Transcribe the records below exactly, leaving out any pictures.

**Supplied material:**

*** Block opens ***

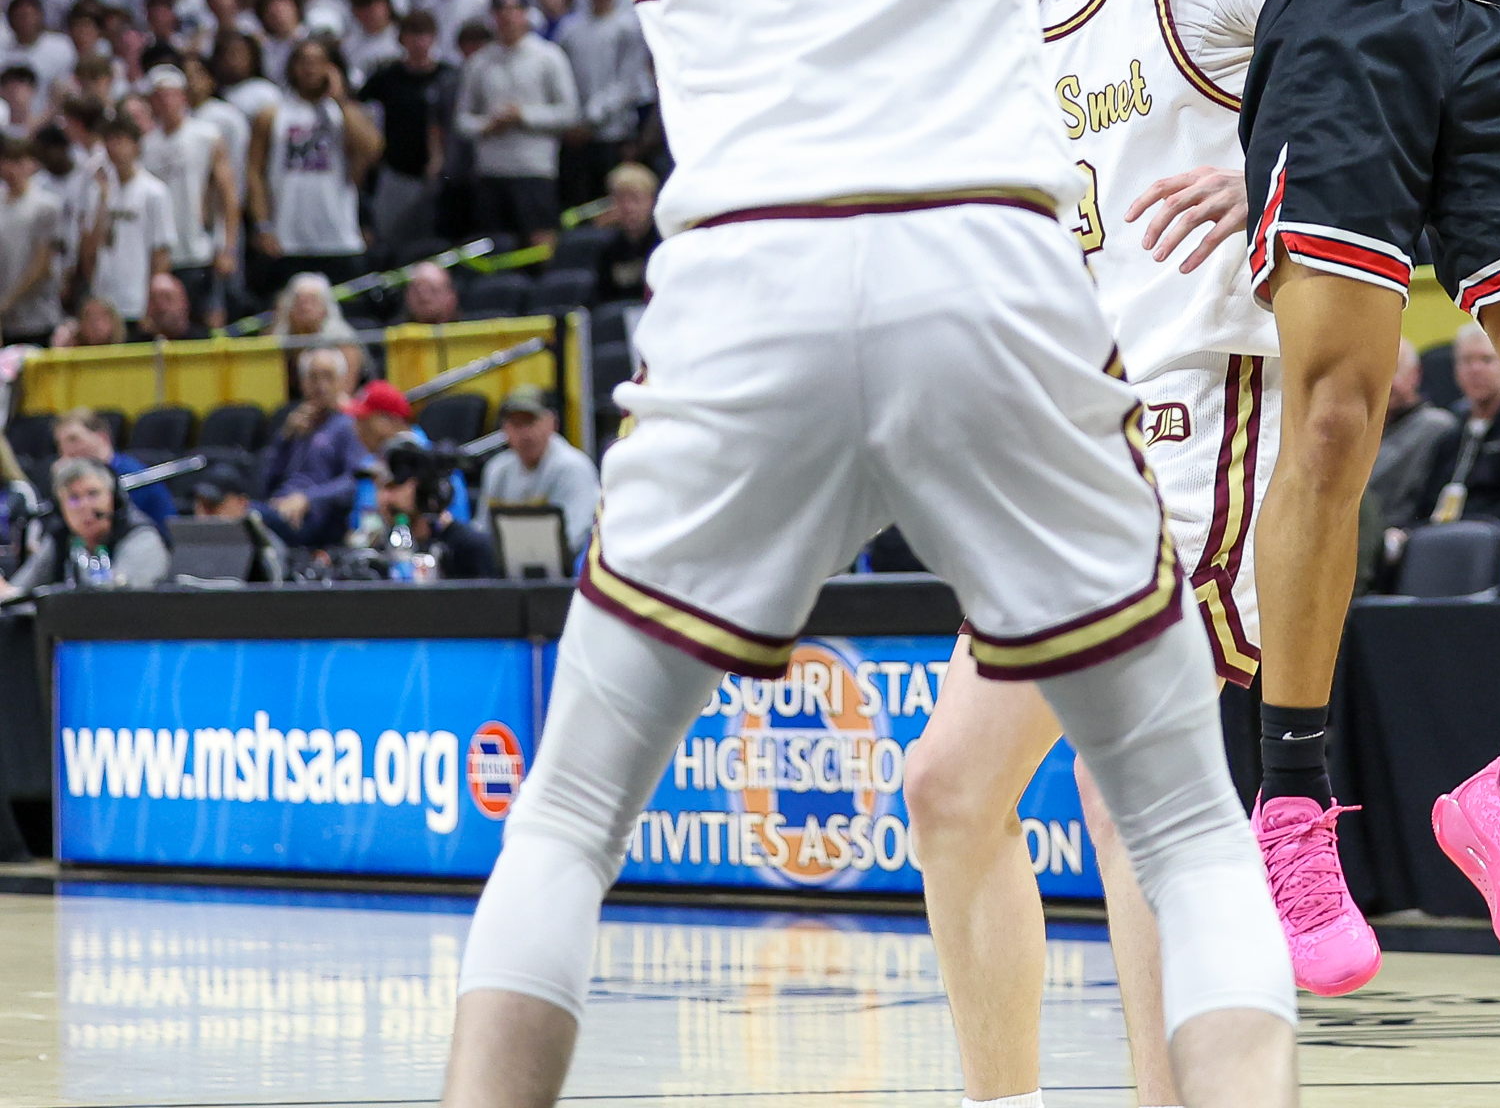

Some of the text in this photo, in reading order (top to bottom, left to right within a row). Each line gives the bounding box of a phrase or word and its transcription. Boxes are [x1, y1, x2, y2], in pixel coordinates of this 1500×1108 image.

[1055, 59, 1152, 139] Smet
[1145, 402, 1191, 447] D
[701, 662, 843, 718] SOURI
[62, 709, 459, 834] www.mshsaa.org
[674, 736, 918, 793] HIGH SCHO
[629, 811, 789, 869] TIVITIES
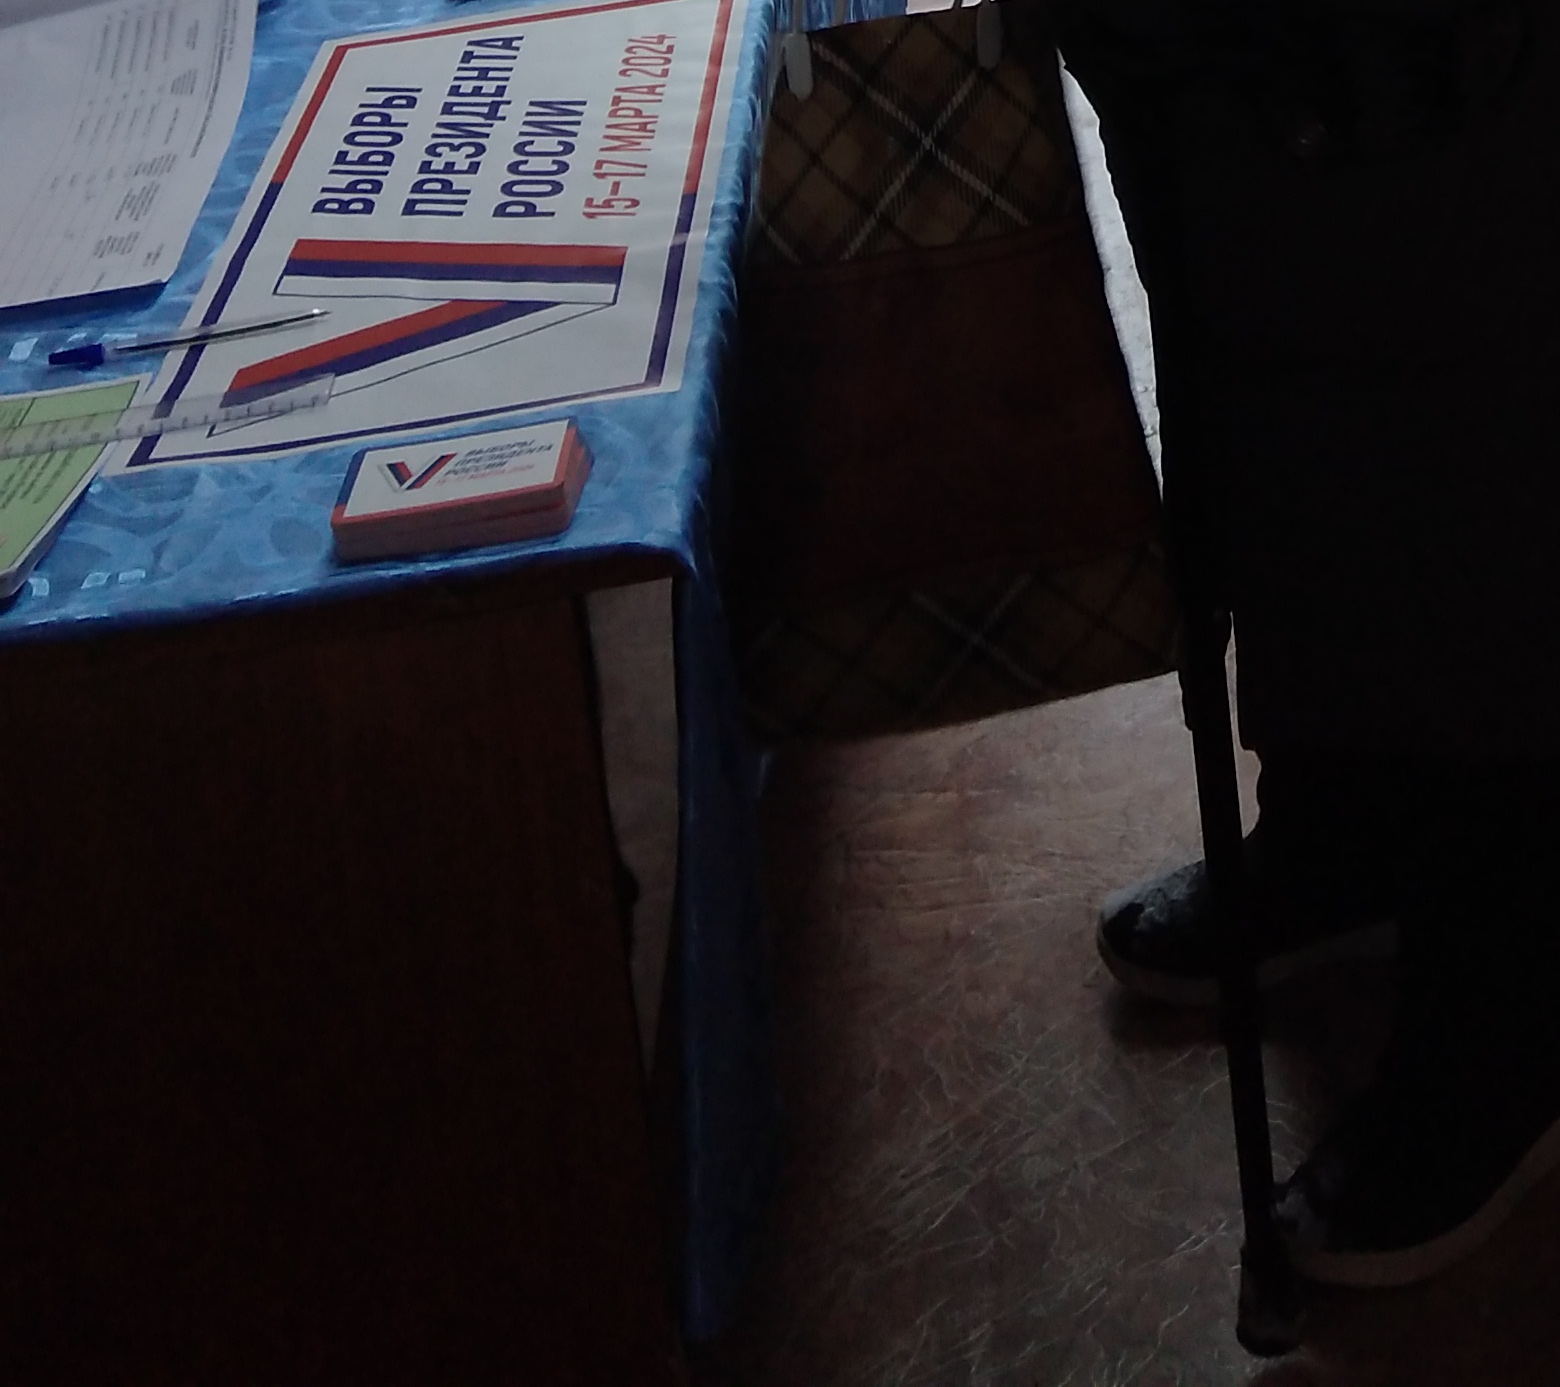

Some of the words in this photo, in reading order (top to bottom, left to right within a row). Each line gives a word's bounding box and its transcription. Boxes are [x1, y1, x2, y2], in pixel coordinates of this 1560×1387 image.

*** Block closes ***

**Output:**
Some of the text in this photo, in reading order (top to bottom, left to right within a row). Each line gives the bounding box of a phrase or word and its transcription. Boxes are [x1, y1, x2, y2], in pixel coordinates of this 1500×1108 image.

[1055, 59, 1152, 139] Smet
[1145, 402, 1191, 447] D
[701, 662, 843, 718] SOURI
[62, 709, 459, 834] www.mshsaa.org
[674, 736, 918, 793] HIGH SCHO
[629, 811, 789, 869] TIVITIES

Some of the words in this photo, in reading order (top to bottom, left to right within a row). Each line gives a word's bounding box and its transcription. Boxes are [x1, y1, x2, y2], in pixel coordinates of this 1560×1387 image.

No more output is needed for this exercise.